Return every record below exactly as given, images excluded.
==============================
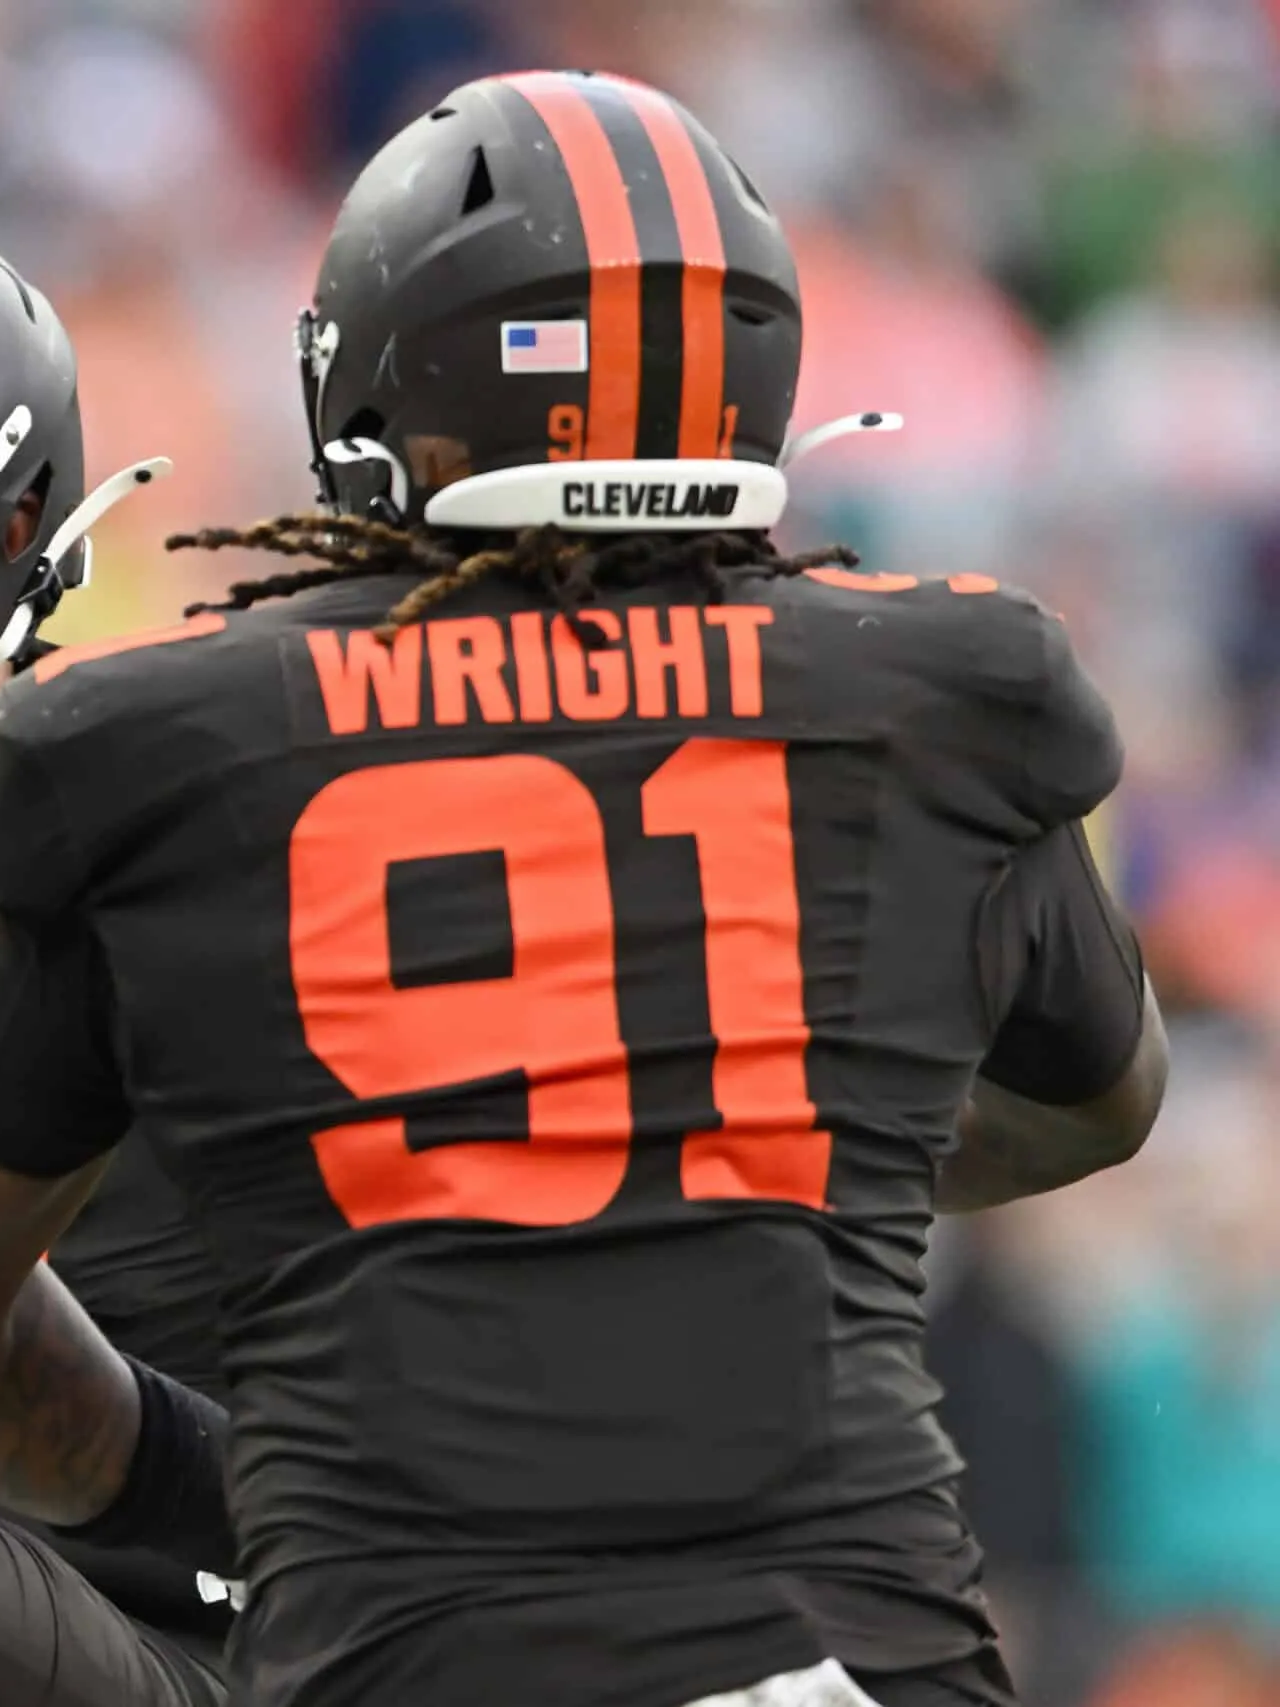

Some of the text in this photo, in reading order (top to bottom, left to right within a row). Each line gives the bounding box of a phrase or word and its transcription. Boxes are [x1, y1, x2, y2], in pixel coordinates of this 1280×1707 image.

[547, 403, 584, 462] 9
[561, 482, 740, 518] CLEVELAND
[307, 603, 773, 736] WRIGHT
[289, 737, 833, 1229] 91
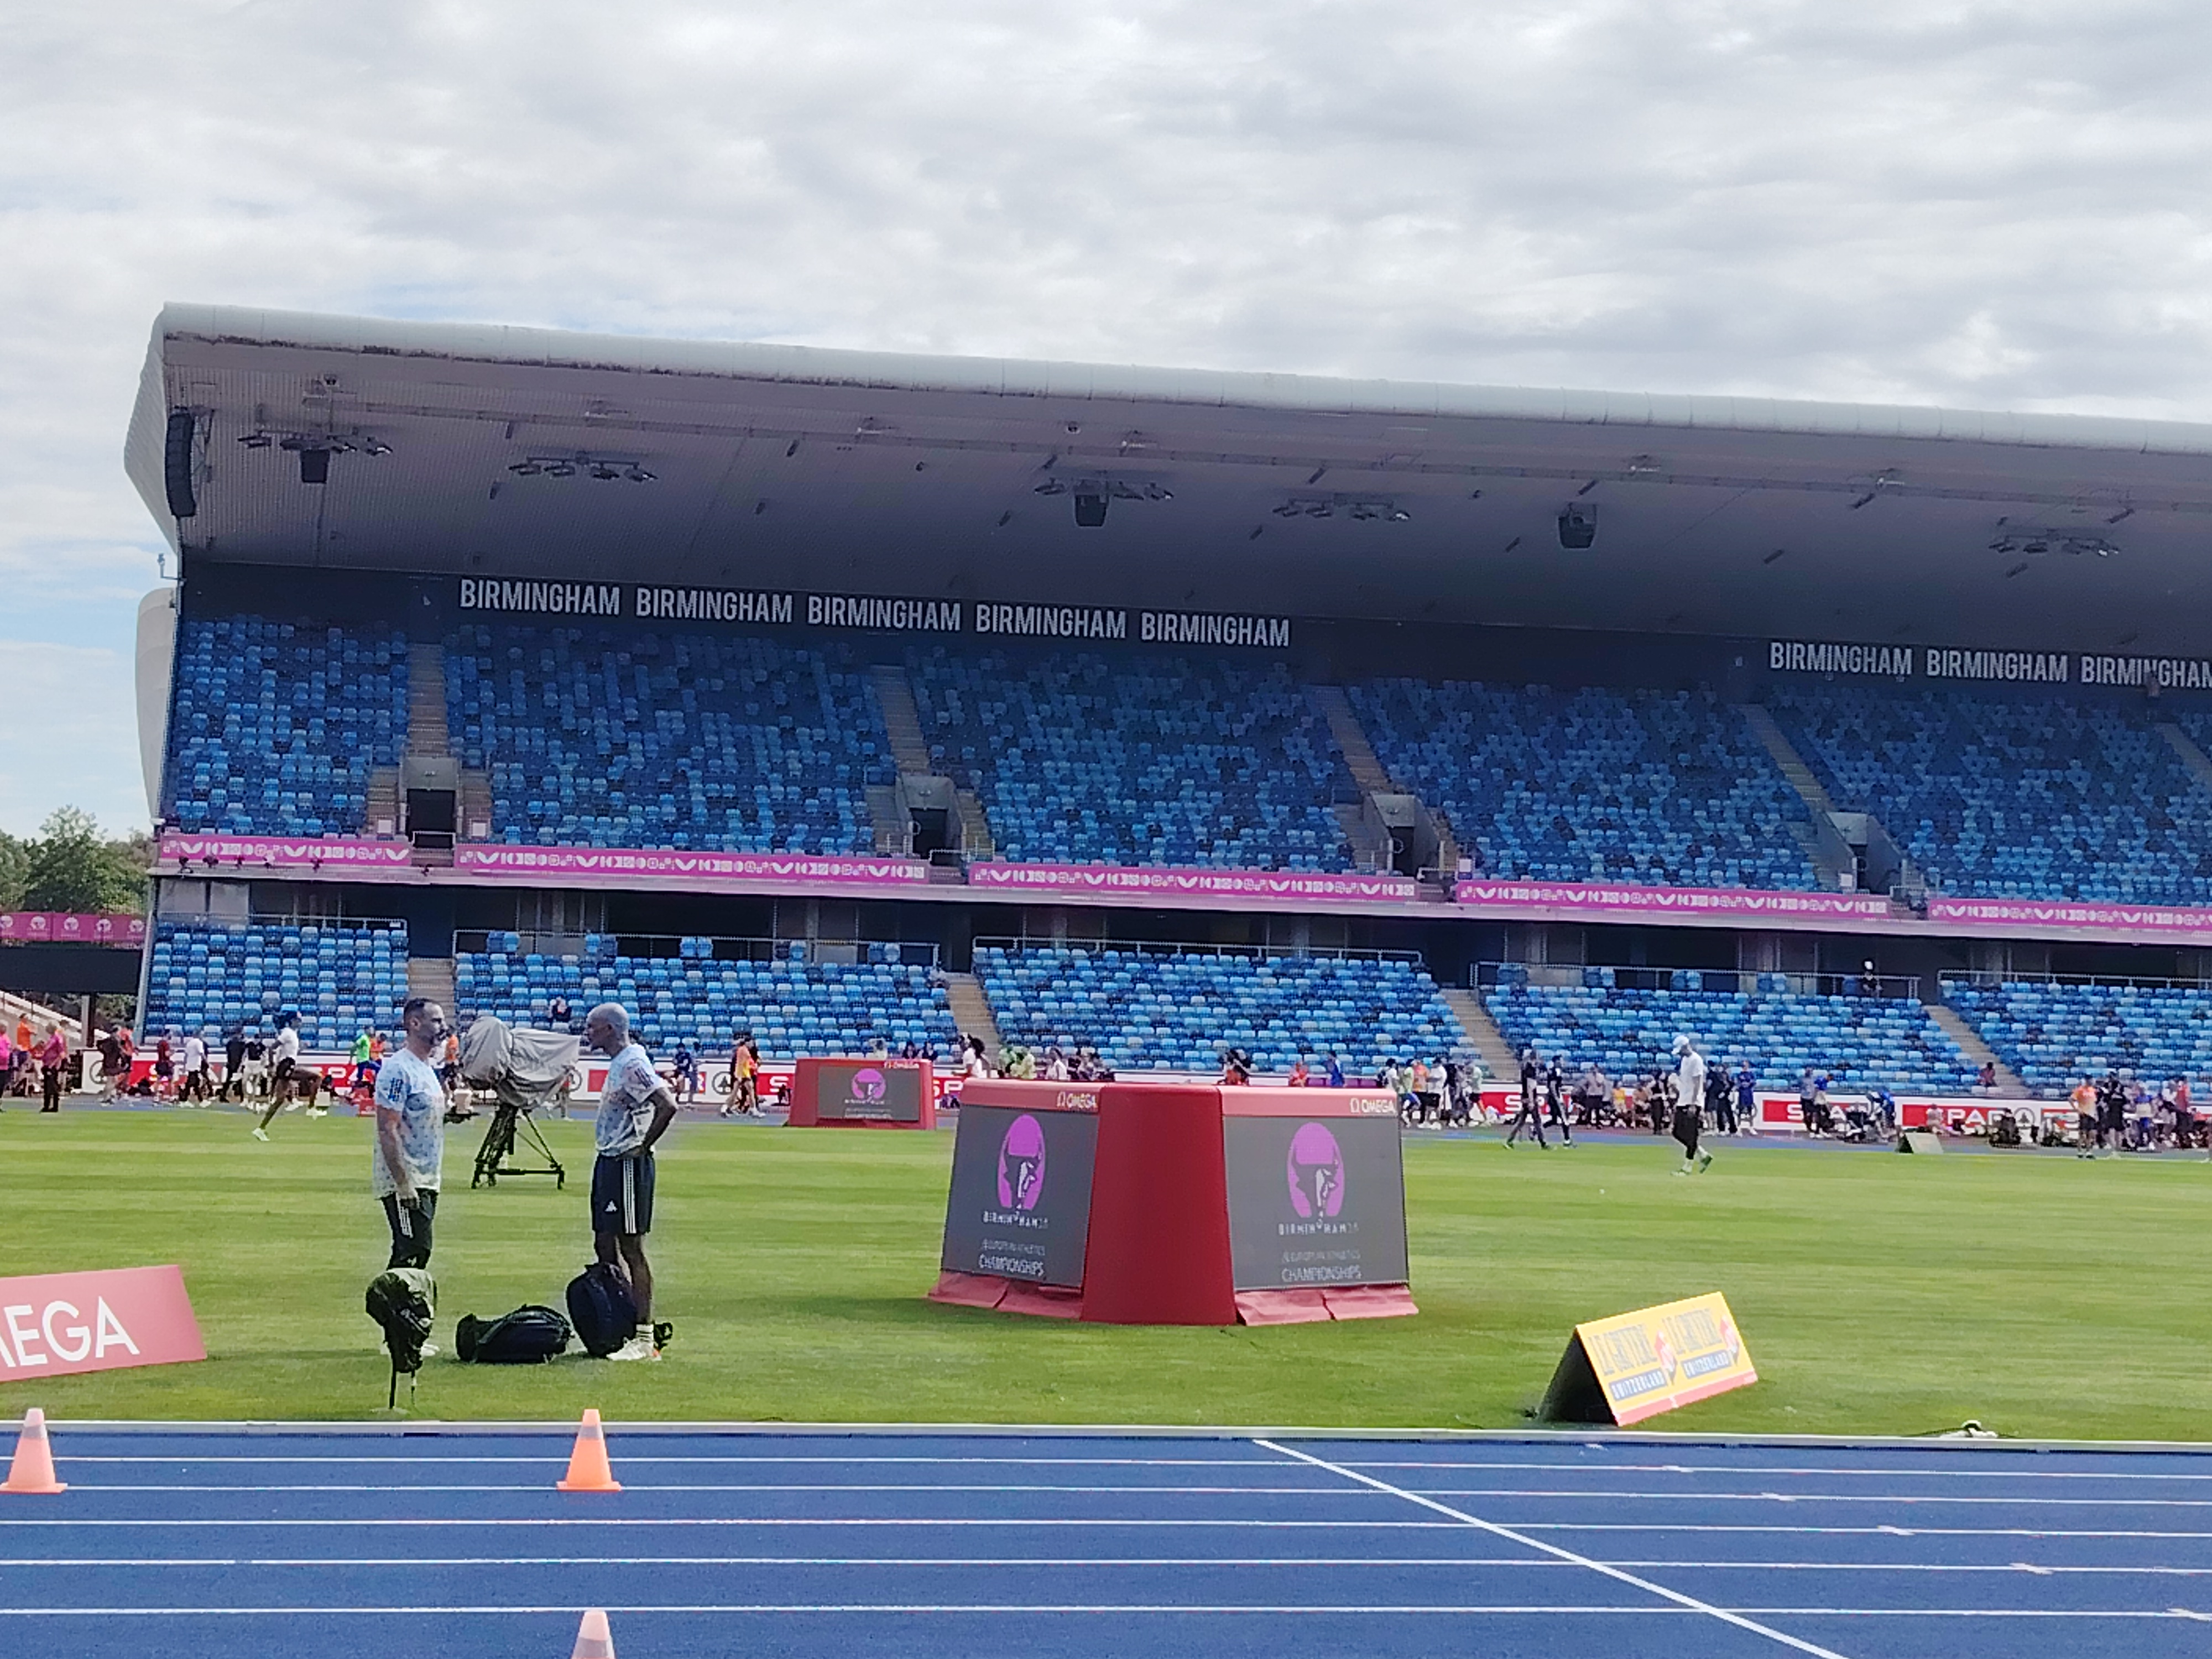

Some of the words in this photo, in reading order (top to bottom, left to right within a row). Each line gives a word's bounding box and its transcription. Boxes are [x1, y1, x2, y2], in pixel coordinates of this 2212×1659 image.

[460, 579, 620, 615] BIRMINGHAM
[636, 587, 792, 623] BIRMINGHAM
[807, 596, 961, 632] BIRMINGHAM
[975, 604, 1126, 639] BIRMINGHAM
[1141, 612, 1290, 647] BIRMINGHAM
[1770, 641, 1912, 675] BIRMINGHAM
[1926, 649, 2068, 682] BIRMINGHAM
[1067, 1093, 1098, 1109] OMEGA
[1361, 1099, 1398, 1114] OMEGA
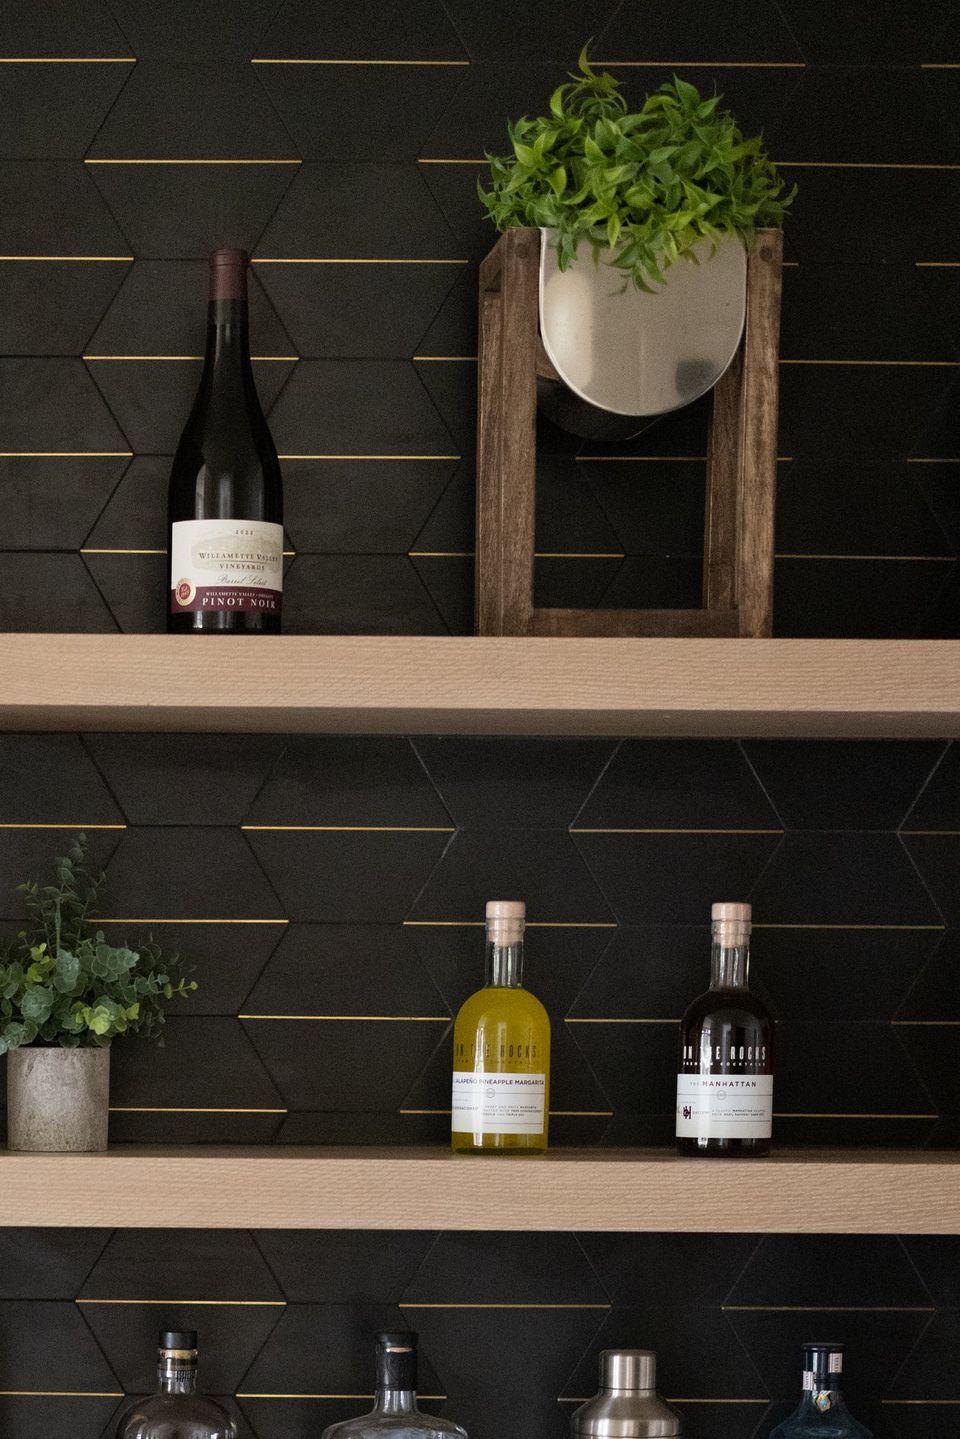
==============================
» **Solution to this problem**:
Some of the text in this photo, in reading order (top to bottom, left to right within a row). Each line gives the bounding box of a phrase or word and its transcription. Boxes are [x1, y1, x2, y2], in pixel coordinates of this 1280×1707 image.

[547, 403, 584, 462] 9
[561, 482, 740, 518] CLEVELAND
[307, 603, 773, 736] WRIGHT
[289, 737, 833, 1229] 91

Some of the words in this photo, in reading order (top to bottom, left to right within a row). Each line gives a word's bounding box and its transcription. Boxes are [x1, y1, x2, y2], in pixel coordinates of this 2212×1659 image.

[460, 579, 620, 615] BIRMINGHAM
[636, 587, 792, 623] BIRMINGHAM
[807, 596, 961, 632] BIRMINGHAM
[975, 604, 1126, 639] BIRMINGHAM
[1141, 612, 1290, 647] BIRMINGHAM
[1770, 641, 1912, 675] BIRMINGHAM
[1926, 649, 2068, 682] BIRMINGHAM
[1067, 1093, 1098, 1109] OMEGA
[1361, 1099, 1398, 1114] OMEGA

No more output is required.